Actuality and thought (or Idea) are often absurdly opposed. How commonly we hear people saying that, though no objection can be urged against the truth and correctness of a certain thought, there is nothing of the kind to be seen in actuality, or it cannot be actually carried out! People who use such language only prove that they have not properly apprehended the nature either of thought or of actuality. Thought in such a case is, on one hand, the synonym for a subjective conception, plan, intention or the like, just as actuality, on the other, is made synonymous with external and sensible existence. This is all very well in common life, where great laxity is allowed in the categories and the names given to them: and it may of course happen that e.g. the plan, or so-called idea, say of a certain method of taxation, is good and advisable in the abstract, but that nothing of the sort is found in so-called actuality, or could possibly be carried out under the given conditions. But when the abstract understanding gets hold of these categories and exaggerates the distinction they imply into a hard and fast line of contrast, when it tells us that in this actual world we must knock ideas out of our heads, it is necessary energetically to protest against these doctrines, alike in the name of science and of sound reason. For on the one hand Ideas are not confined to our heads merely, nor is the Idea, upon the whole, so feeble as to leave the question of its actualisation or non-actualisation dependent in our will. The Idea is rather the absolutely active as well I as actual. And on the other hand actuality is not so bad and irrational, as purblind or wrong-headed and muddle-brained would-be reformers imagine. So far is actuality, as distinguished from mere appearance, and primarily presenting a unity of inward and outward, from being in contrariety with reason, that it is rather thoroughly reasonable, and everything which is not reasonable must on that very ground cease to be held actual. The same view may be traced in the usages of educated speech, which declines to give the name of real poet or real statesman to a poet or a statesman who can do nothing really meritorious or reasonable.

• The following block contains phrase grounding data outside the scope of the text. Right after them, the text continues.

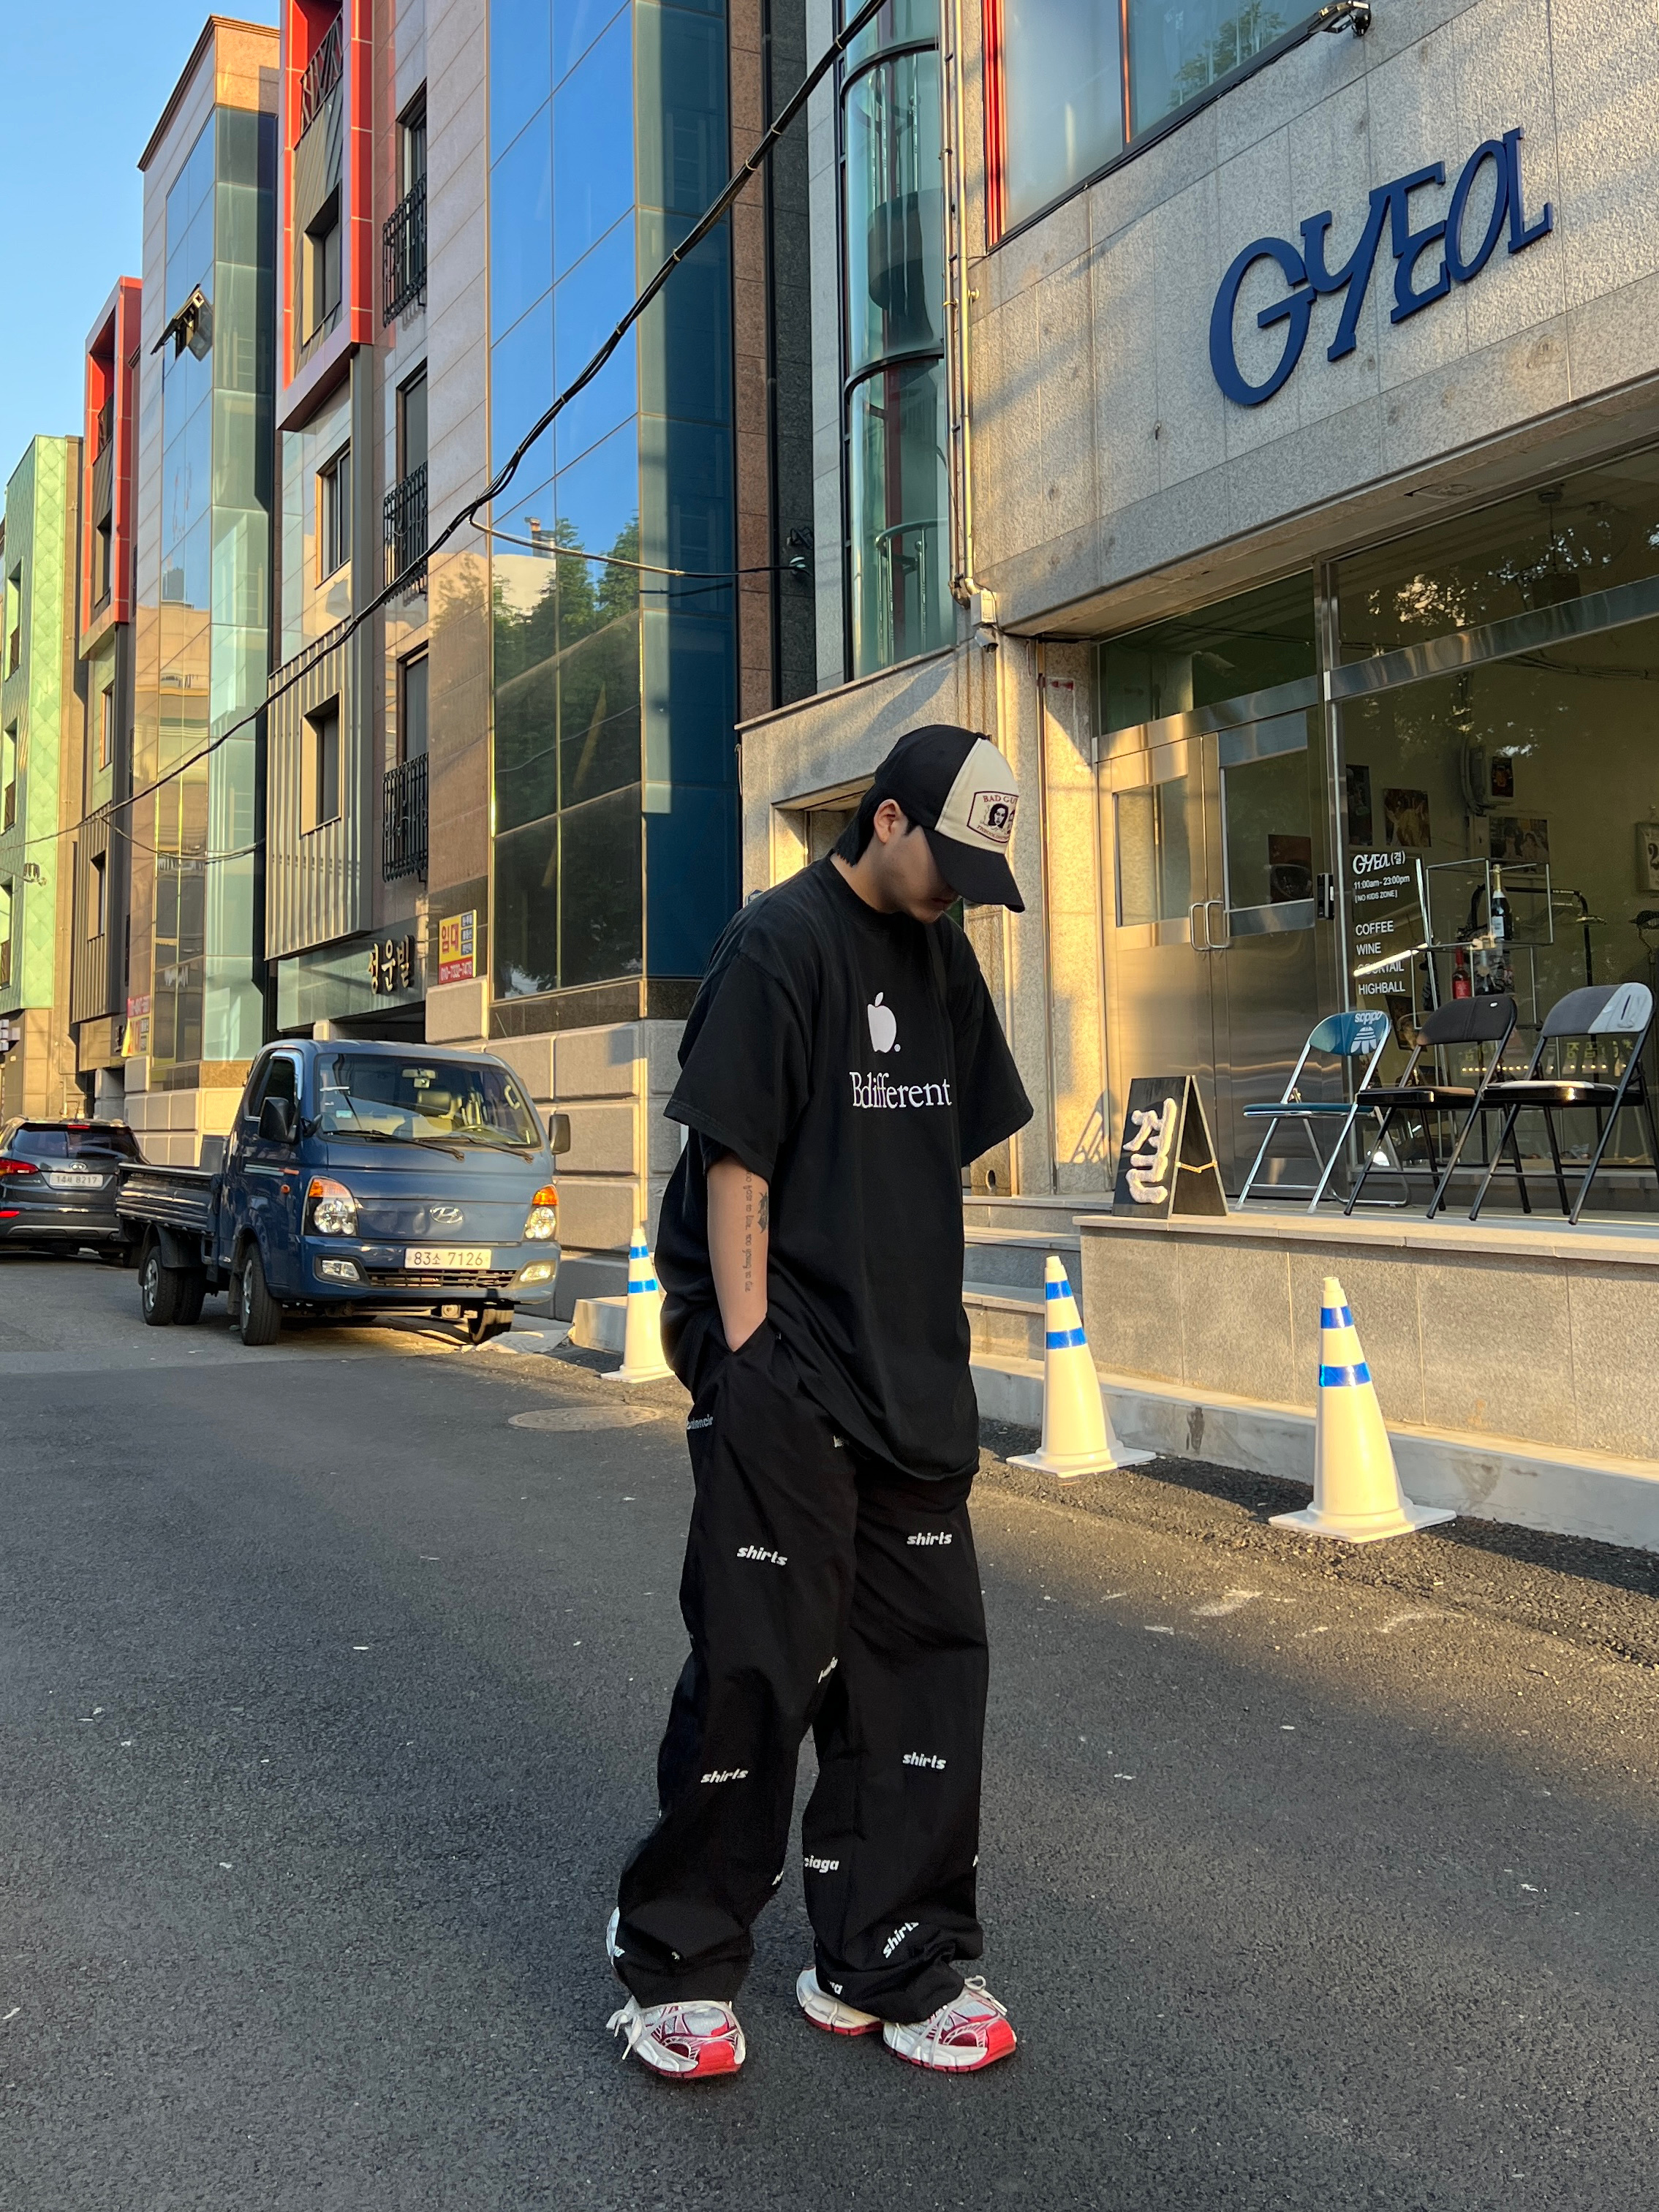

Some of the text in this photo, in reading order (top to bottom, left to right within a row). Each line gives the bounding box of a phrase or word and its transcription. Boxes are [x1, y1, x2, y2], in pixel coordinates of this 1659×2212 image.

[1209, 127, 1554, 406] GYEOL
[983, 794, 1001, 803] BAD
[1356, 921, 1394, 936] COFFEE
[1356, 942, 1382, 956] WINE
[1358, 981, 1406, 995] HIGHBALL
[1122, 1097, 1177, 1204] 결
[447, 1252, 483, 1266] 7126
[906, 1531, 953, 1546] shirts
[736, 1544, 788, 1566] shirts
[902, 1751, 947, 1770] shirts
[700, 1768, 749, 1783] shirts

In that vulgar conception of actuality which mistakes for it what is palpable and directly obvious to the senses, we must seek the ground of a wide-spread prejudice about the relation of the philosophy of Aristotle to that of Plato. Popular opinion makes the difference to be as follows. While Plato recognises the idea and only the idea as the truth, Aristotle, rejecting the idea, keeps to what is actual, and is on that account to be considered the founder and chief of empiricism. On this it may be remarked: that although actuality certainly is the principle of the Aristotelian philosophy, it is not the vulgar actuality of what is immediately at hand, but the idea as actuality. Where then lies the controversy of Aristotle against Plato? It lies in this. Aristotle calls the Platonic idea a mere δίναμις, and establishes in opposition to Plato that the idea, which both equally recognise to be the only truth, is essentially to be viewed as an ἐνέργεια, in other words, as the inward which is quite to the fore, or as the unity of inner and outer, or as actuality, in the emphatic sense here given to the word.